◆ **About this exercise**: Retype the entries exactly, but skip the pictures.
-- Opening Marker --
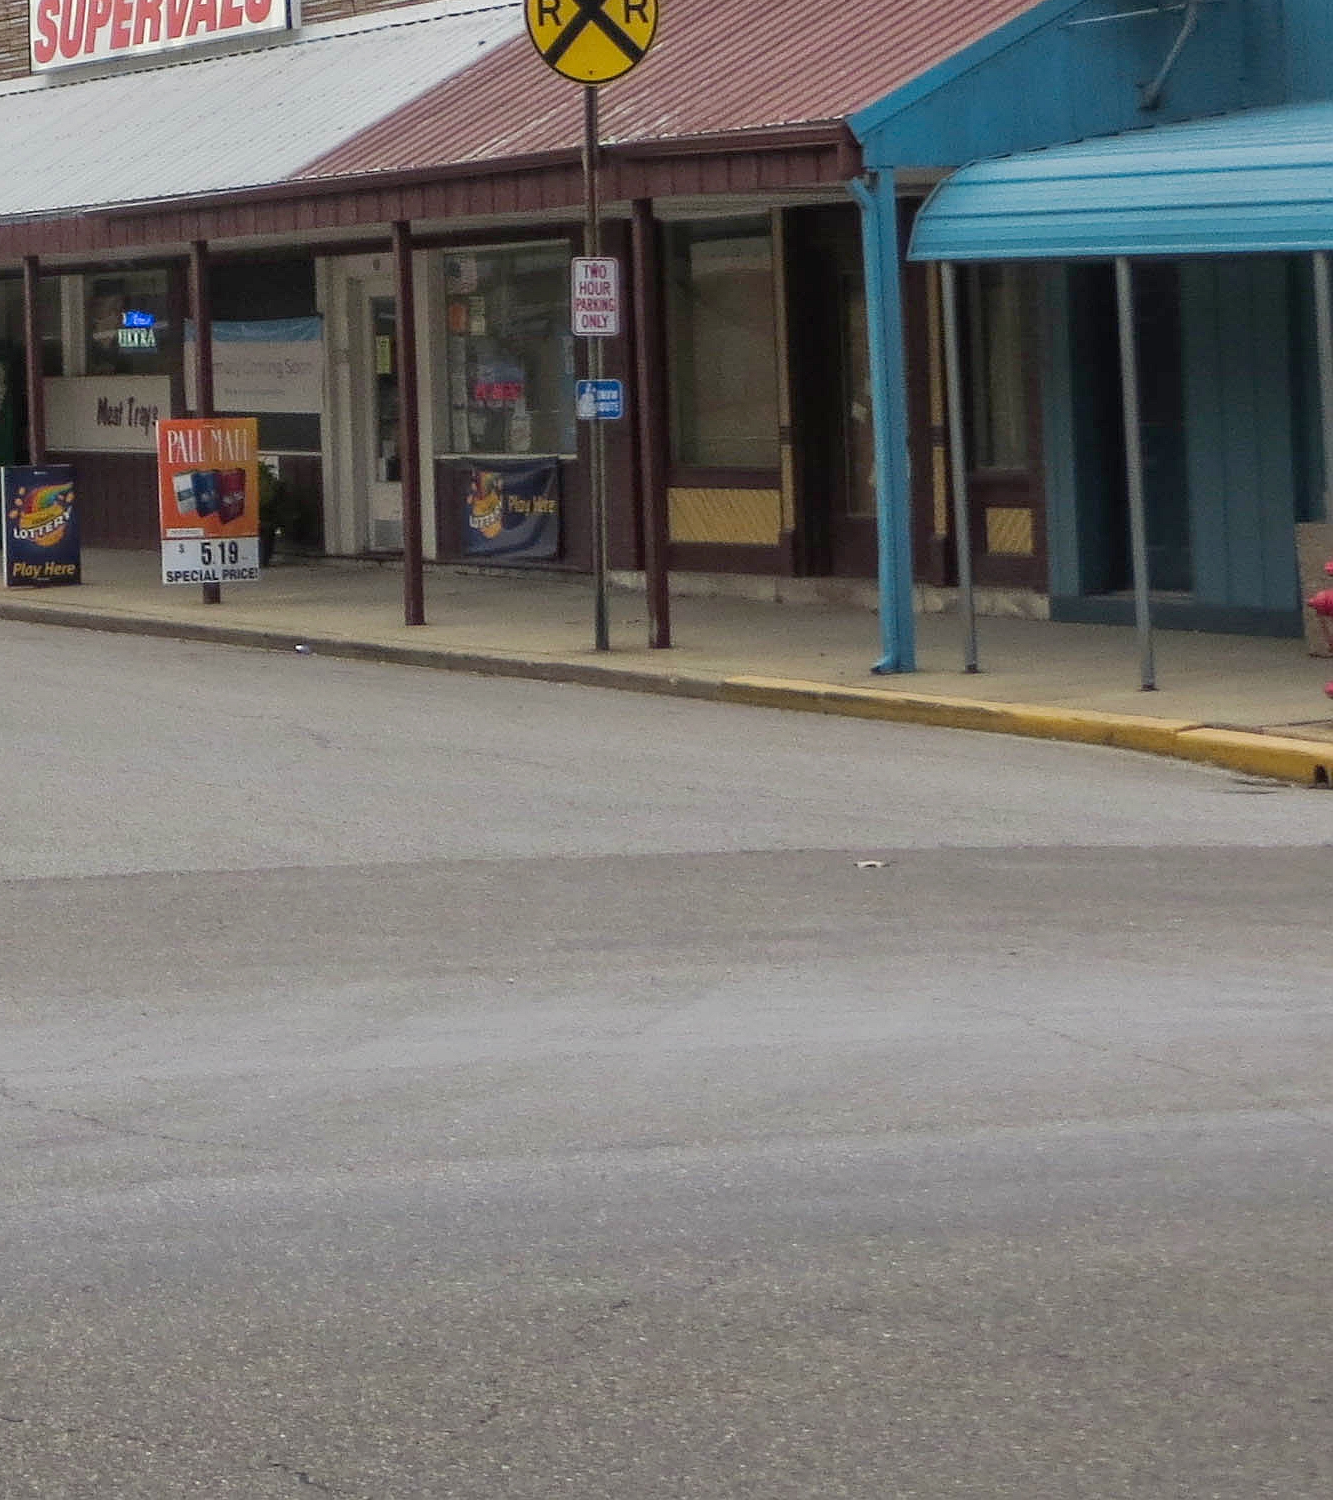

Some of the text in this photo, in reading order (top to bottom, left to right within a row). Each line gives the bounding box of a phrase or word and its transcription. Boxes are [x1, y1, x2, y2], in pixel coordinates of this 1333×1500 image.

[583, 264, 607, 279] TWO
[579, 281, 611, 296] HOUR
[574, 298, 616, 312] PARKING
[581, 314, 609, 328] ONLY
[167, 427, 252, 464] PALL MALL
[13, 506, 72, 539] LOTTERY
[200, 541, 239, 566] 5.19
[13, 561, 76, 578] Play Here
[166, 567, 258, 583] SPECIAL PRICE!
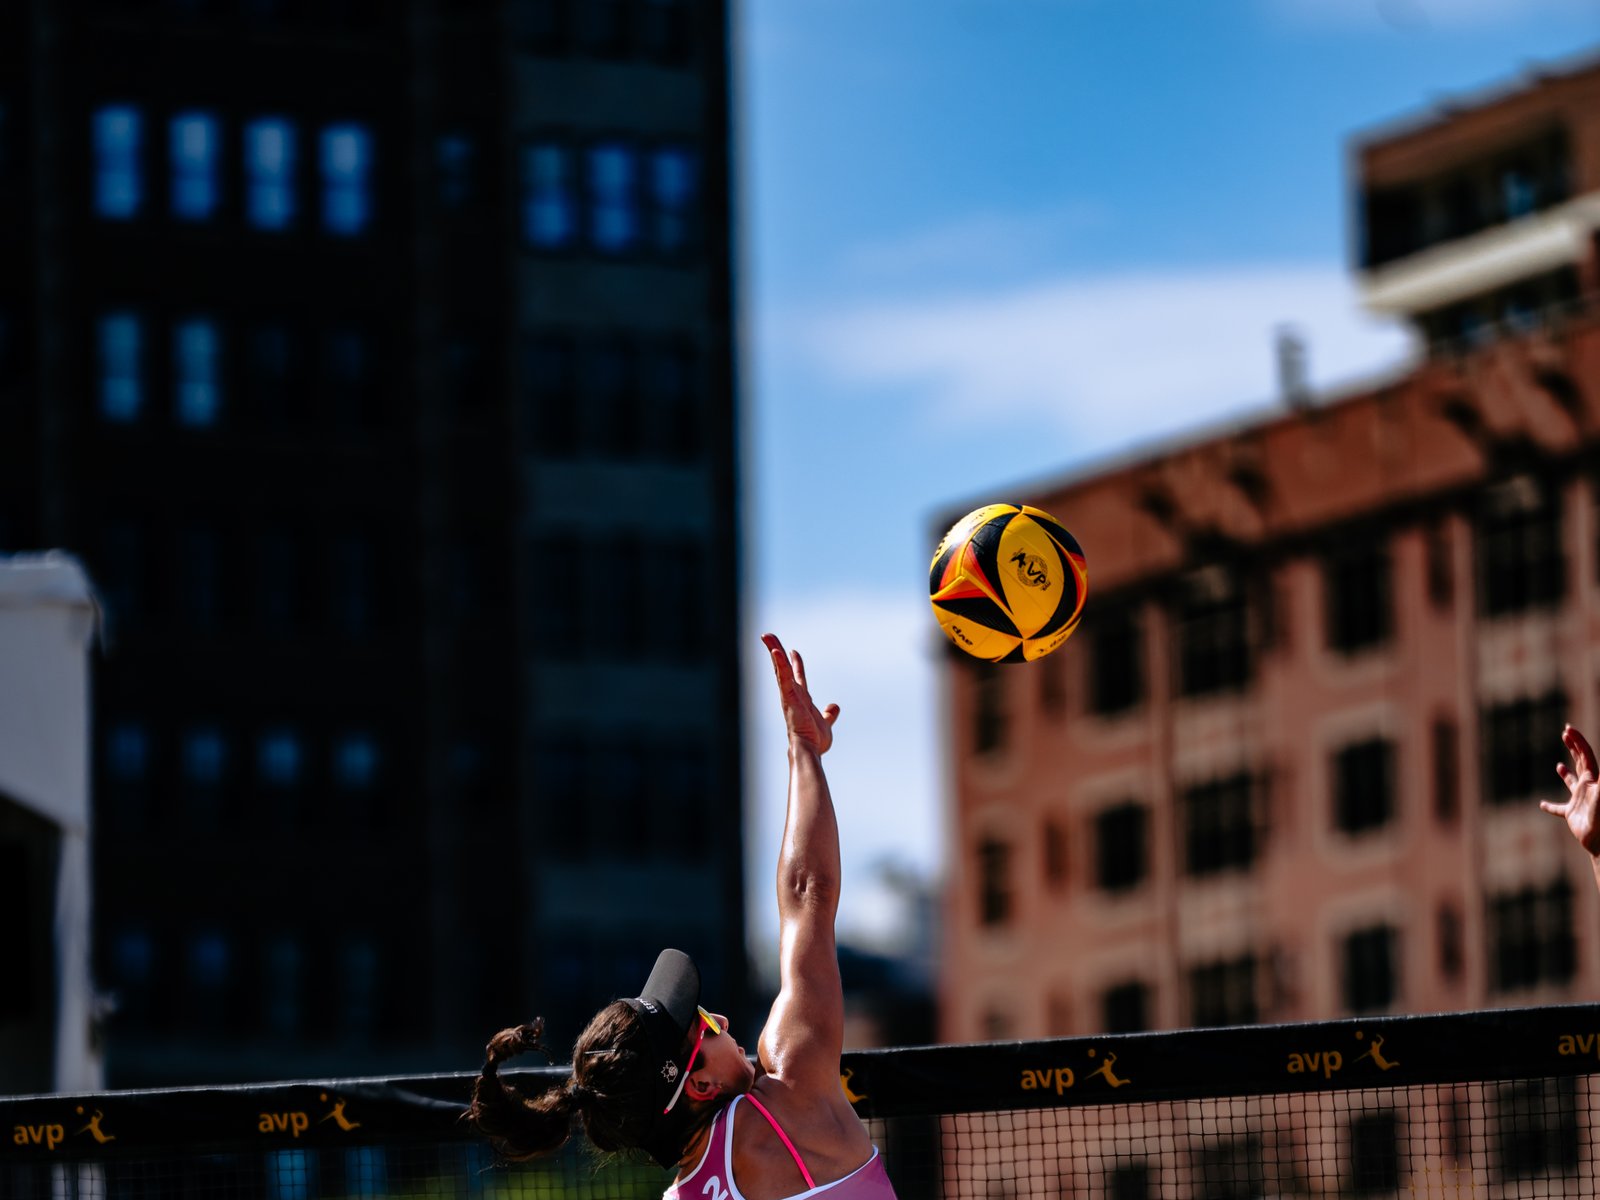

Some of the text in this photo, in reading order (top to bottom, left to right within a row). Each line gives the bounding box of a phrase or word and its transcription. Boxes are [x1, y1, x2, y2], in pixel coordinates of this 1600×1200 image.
-- Closing Marker --
◆ **Task result**:
Some of the text in this photo, in reading order (top to bottom, left to right within a row). Each line gives the bounding box of a phrase or word and its transcription. Boxes are [x1, y1, x2, y2], in pixel coordinates of this 1333×1500 image.

[583, 264, 607, 279] TWO
[579, 281, 611, 296] HOUR
[574, 298, 616, 312] PARKING
[581, 314, 609, 328] ONLY
[167, 427, 252, 464] PALL MALL
[13, 506, 72, 539] LOTTERY
[200, 541, 239, 566] 5.19
[13, 561, 76, 578] Play Here
[166, 567, 258, 583] SPECIAL PRICE!

Some of the text in this photo, in reading order (top to bottom, left to right within a row). Each line gives the bounding box of a phrase or word and its transcription. Boxes are [x1, y1, x2, y2], in pixel coordinates of this 1600×1200 image.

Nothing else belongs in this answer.